For attribute based approaches, the authors in [20] propose BLINC to study node behavior profiles. It is a graphlet consisting of five tuples (srcIP, protocol, dstIP, srcport, dstport), and capable of modeling transport layer flow patterns of specific applications for each host.
Given the pre-known flow patterns for different applications, BLINC is further used for traffic
classification at aggregate level. As shown in [20], it can classify approximately 80%-90% of the total number of flows in each trace with 95% accuracy. However, as pointed out by [5], this work is only suitable in a supervised manner, given the flow pattern of different applications already known.

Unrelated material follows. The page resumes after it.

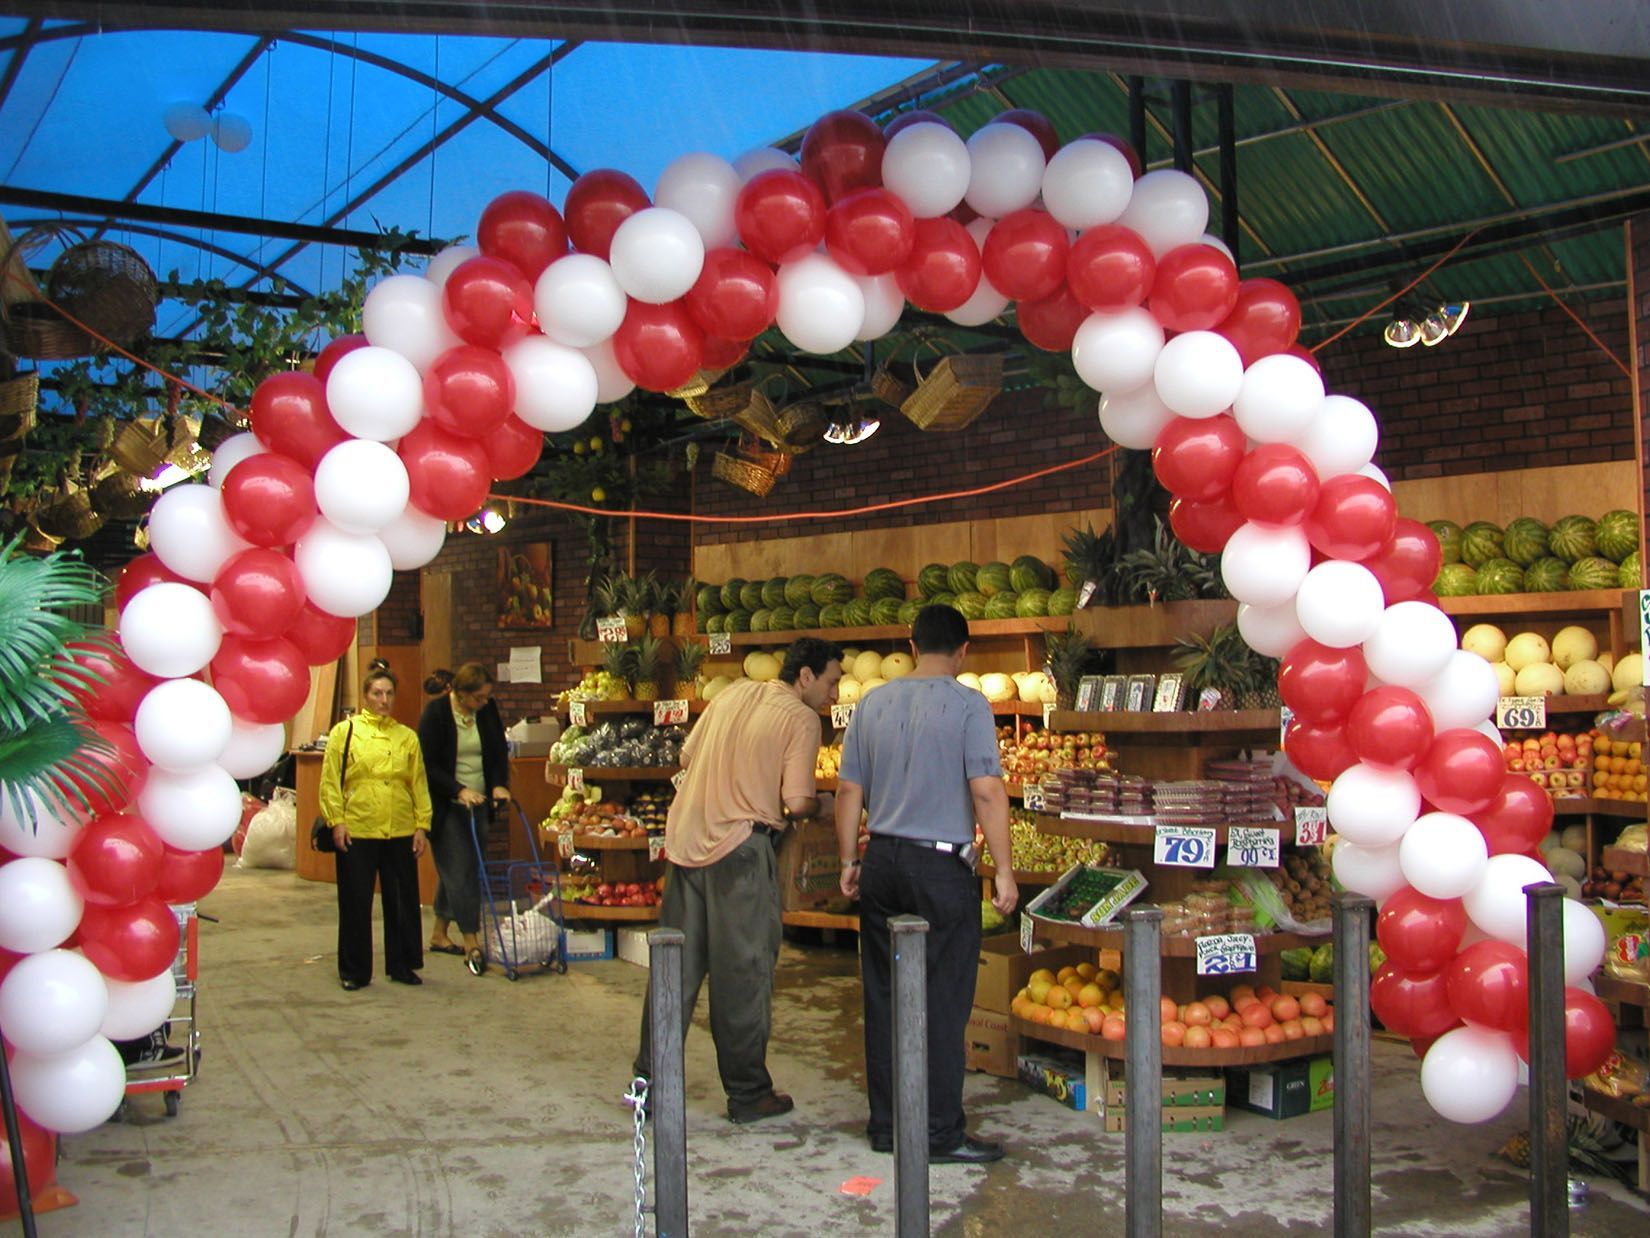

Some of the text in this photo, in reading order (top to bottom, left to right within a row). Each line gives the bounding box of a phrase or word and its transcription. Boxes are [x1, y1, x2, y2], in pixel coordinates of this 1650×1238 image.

[1504, 708, 1535, 728] 69
[1300, 822, 1310, 843] 3
[1164, 837, 1204, 863] 79
[1205, 955, 1229, 973] 2

An extended version of graphlet is further proposed in [5] by the same authors. By in-troducing an additional tuple (dstIP) to the original five tuples for the graphlet, and a set of rules (e.g. delay-accept, aging) in constructing activity and profile graphlets, they achieve a good balance of concise node behavior representation and meaningful characterization in their initial study on real user data. Similarly, in [8], the authors consider another five tuples (dai-lydestnum, dailybytenum, tcpport, udpport, communication similarity) to capture the node behavior. Rather than using graph representations, the profiles are in XML-like format and agglomerative clustering is used to group the nodes of similar values in those five tuples. Eval-uations on real user data showed their scheme has the potential to detect worm outbreak. In addition, the authors in [105, 106] build a relatively simple host behavior profile which only uses the number of destinations contacted and a list of destination port numbers.

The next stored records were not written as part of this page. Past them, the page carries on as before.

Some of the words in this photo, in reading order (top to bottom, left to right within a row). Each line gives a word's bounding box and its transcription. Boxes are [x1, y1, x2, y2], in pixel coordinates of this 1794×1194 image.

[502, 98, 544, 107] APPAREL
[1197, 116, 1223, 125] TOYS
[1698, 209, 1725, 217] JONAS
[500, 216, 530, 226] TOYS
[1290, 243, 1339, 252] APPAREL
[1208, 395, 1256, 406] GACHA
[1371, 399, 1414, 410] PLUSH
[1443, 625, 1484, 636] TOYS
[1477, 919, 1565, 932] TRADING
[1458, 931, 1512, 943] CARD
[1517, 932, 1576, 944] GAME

The authors in [102] propose an architecture for network security by sharing and reporting past behavioral patterns about network hosts. However, the behavioral patterns are only attack behaviors observed from network entities; no normal behavior pattern is considered. In addition, as pointed out in [8], such design brings in trust problem, and it can not detect the anomalies instantaneously with online traffic.

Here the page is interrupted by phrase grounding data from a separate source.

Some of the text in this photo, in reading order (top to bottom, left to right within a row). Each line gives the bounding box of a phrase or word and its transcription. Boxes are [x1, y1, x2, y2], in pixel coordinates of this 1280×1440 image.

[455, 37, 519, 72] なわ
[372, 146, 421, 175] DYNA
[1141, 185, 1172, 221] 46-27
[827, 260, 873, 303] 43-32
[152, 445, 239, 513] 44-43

To summarize, although the above work did a good job in detecting the abnormal traffic, most of them are at the stage of using examples to illustrate the possibility of their schemes.
Moreover, few of them evaluate their schemes thoroughly by considering the false positive rates. In the literature, the work in [8] is the most similar one to ours. However, our work mainly differs from theirs in the following ways:
1. The main difference is that we profile the node behavior in a way which can be coupled with further statistical analysis, and we consider a more complicated case where multiple new worms are used which could be further applied for botnet construction, all these
were not studied in [8];
2. As an important metrics, we evaluate the proposed detection metric by false positive rate, while the false positive rate is hard to measure hence not considered in [8];
3. We profile all the nodes in the network, while in [8], only about 17% of nodes have their profiles (they can only profile most active normal nodes, which may not be enough for malware detection at early stage);
4. We use a shorter time interval and jointly consider the time and node correlation to build profile, while they built the profile on individual node in an accumulative level at longer time intervals (1 day).
In addition, it is uncertain that behavior profiles in [8] can be interpreted in a reasonable way, but we have shown in this Chapter that it is easy to interpret network traffic at the node level by our approach.